> [INSTRUCTIONS FOR THE TASK]
Reproduce all of the data exactly. Images are not to appear in the reply.

> [RECORDS FOR THE TASK]

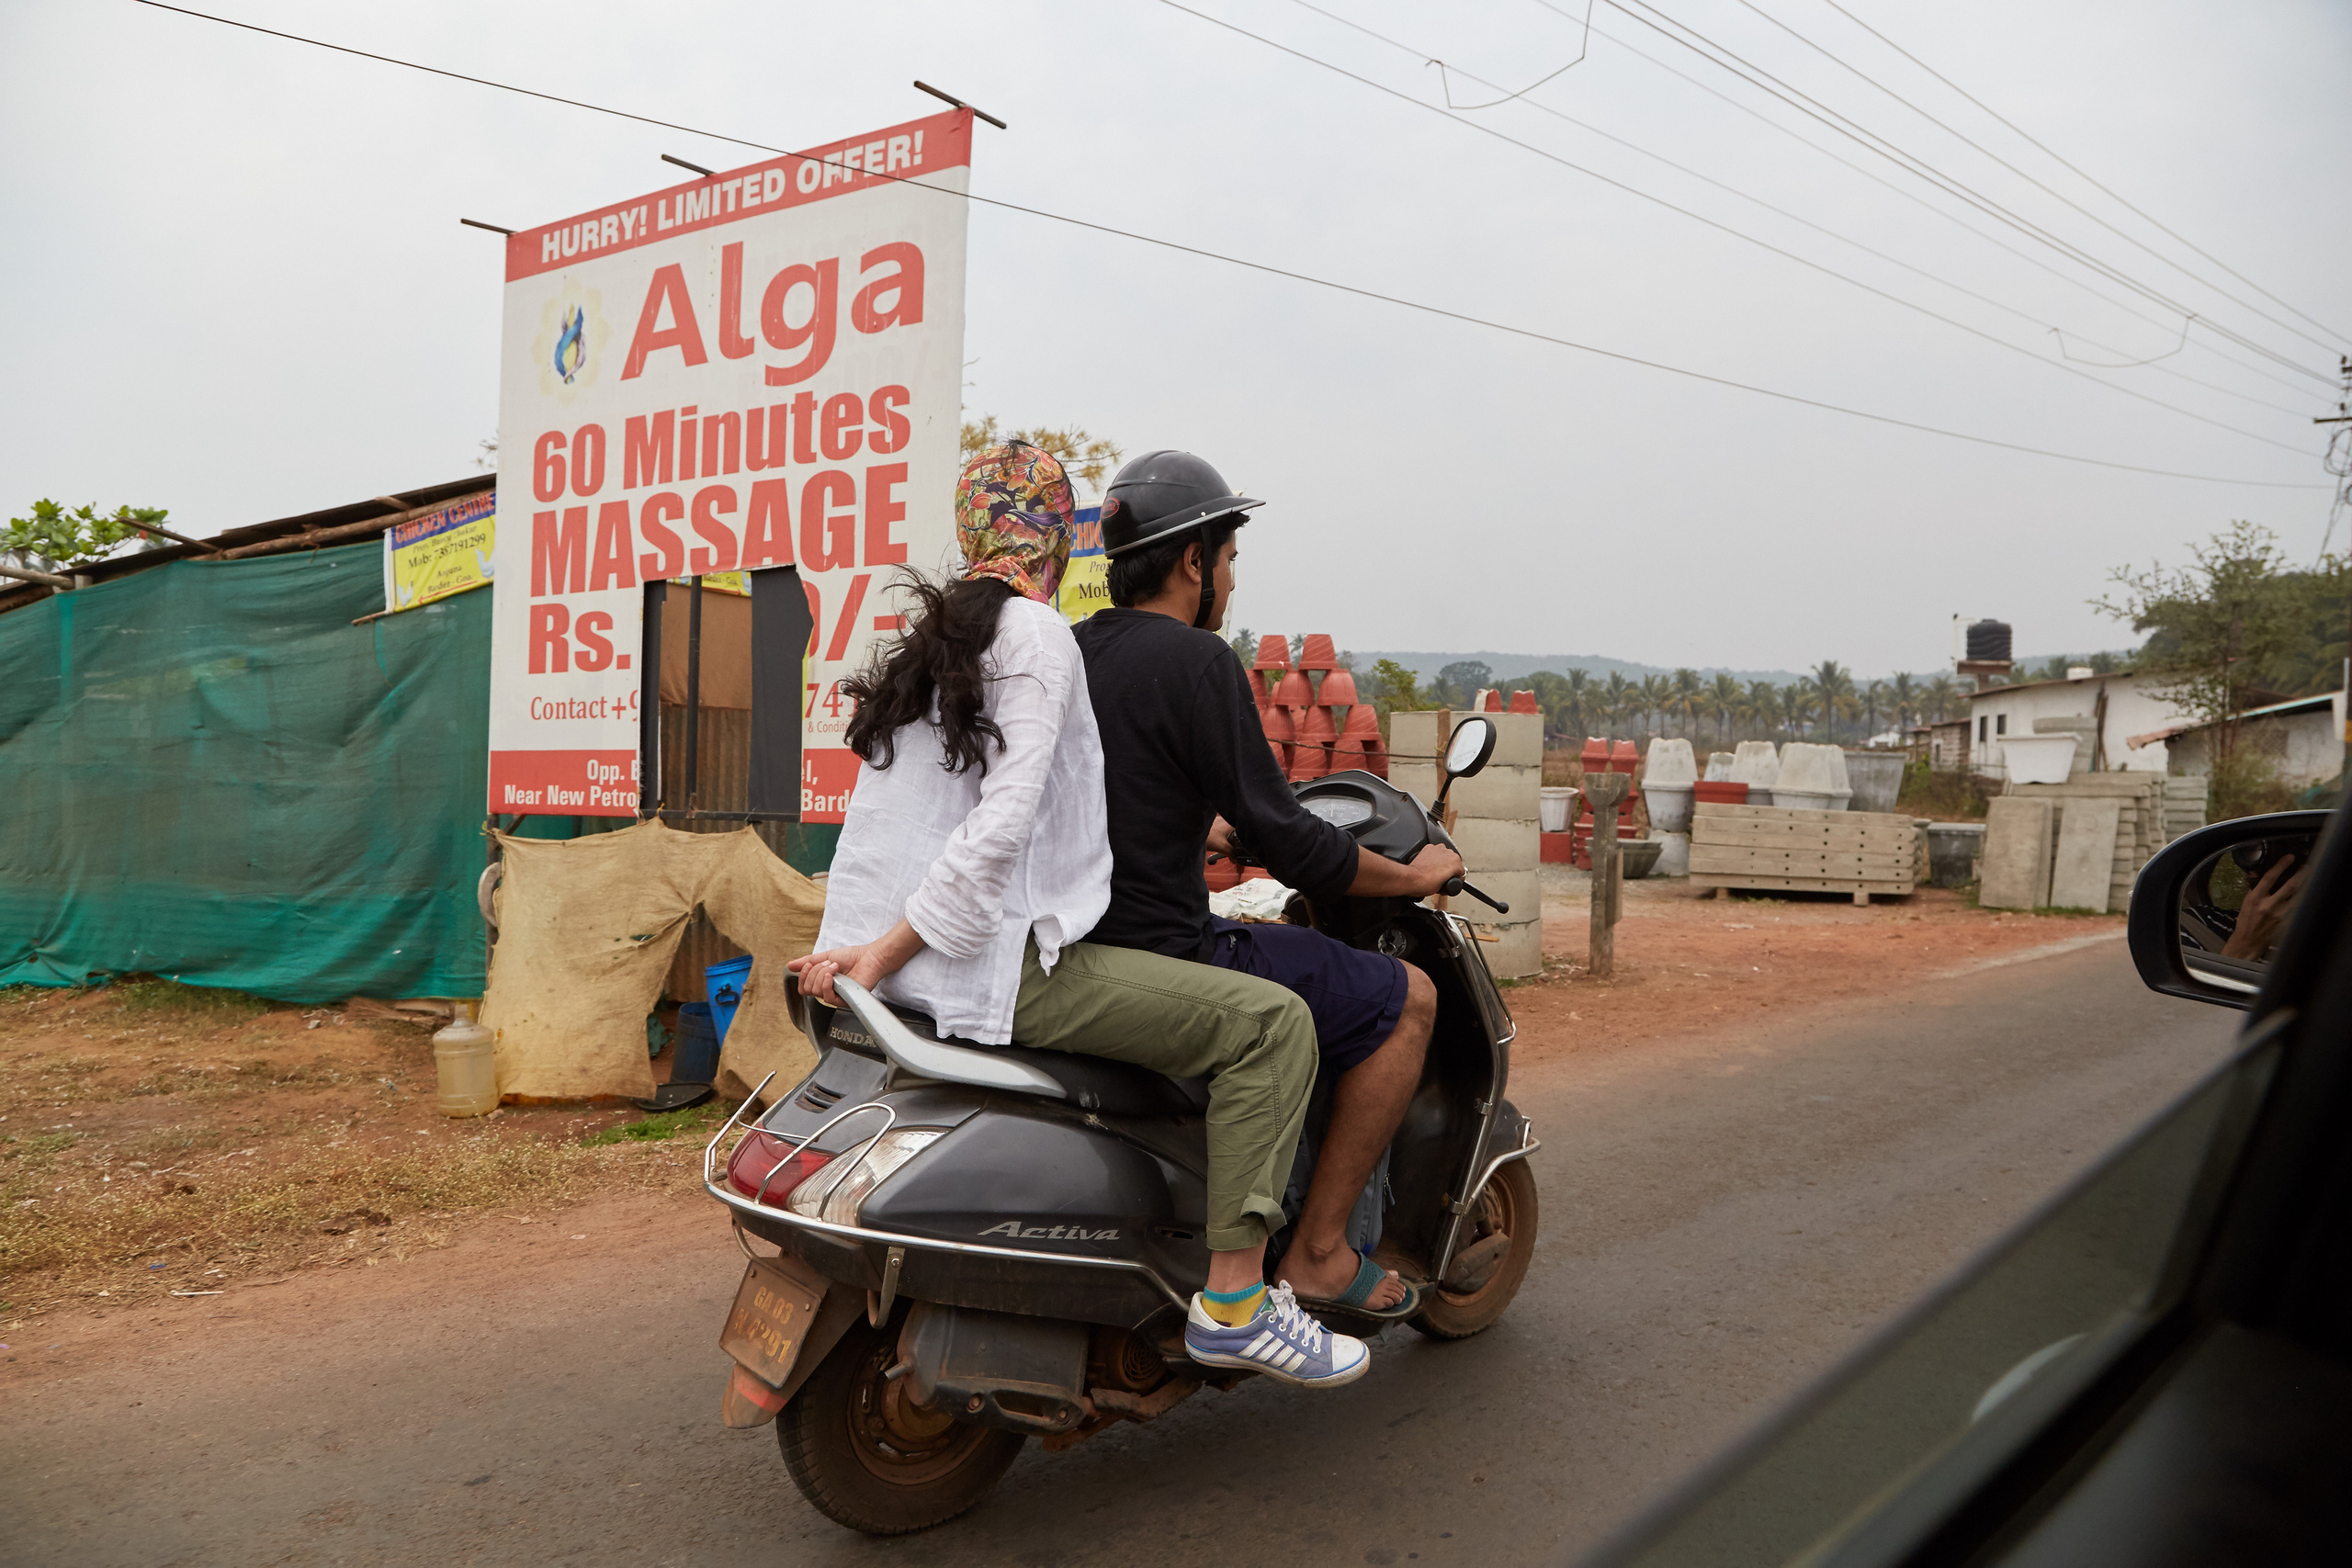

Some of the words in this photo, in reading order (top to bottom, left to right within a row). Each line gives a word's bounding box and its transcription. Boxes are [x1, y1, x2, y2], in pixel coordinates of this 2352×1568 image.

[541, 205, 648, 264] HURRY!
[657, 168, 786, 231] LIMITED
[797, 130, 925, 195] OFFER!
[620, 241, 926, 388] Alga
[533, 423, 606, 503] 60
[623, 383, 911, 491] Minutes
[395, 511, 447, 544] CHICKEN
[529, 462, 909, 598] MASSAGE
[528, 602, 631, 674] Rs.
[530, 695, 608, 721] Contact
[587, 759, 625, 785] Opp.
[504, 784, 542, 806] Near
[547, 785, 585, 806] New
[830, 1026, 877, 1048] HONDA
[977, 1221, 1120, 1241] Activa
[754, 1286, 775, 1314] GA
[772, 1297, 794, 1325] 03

> [EXERCISE SOLUTION]
Some of the words in this photo, in reading order (top to bottom, left to right within a row). Each line gives a word's bounding box and its transcription. Boxes are [x1, y1, x2, y2], in pixel coordinates of this 2352×1568 image.

[541, 205, 648, 264] HURRY!
[657, 168, 786, 231] LIMITED
[797, 130, 925, 195] OFFER!
[620, 241, 926, 388] Alga
[533, 423, 606, 503] 60
[623, 383, 911, 491] Minutes
[395, 511, 447, 544] CHICKEN
[529, 462, 909, 598] MASSAGE
[528, 602, 631, 674] Rs.
[530, 695, 608, 721] Contact
[587, 759, 625, 785] Opp.
[504, 784, 542, 806] Near
[547, 785, 585, 806] New
[830, 1026, 877, 1048] HONDA
[977, 1221, 1120, 1241] Activa
[754, 1286, 775, 1314] GA
[772, 1297, 794, 1325] 03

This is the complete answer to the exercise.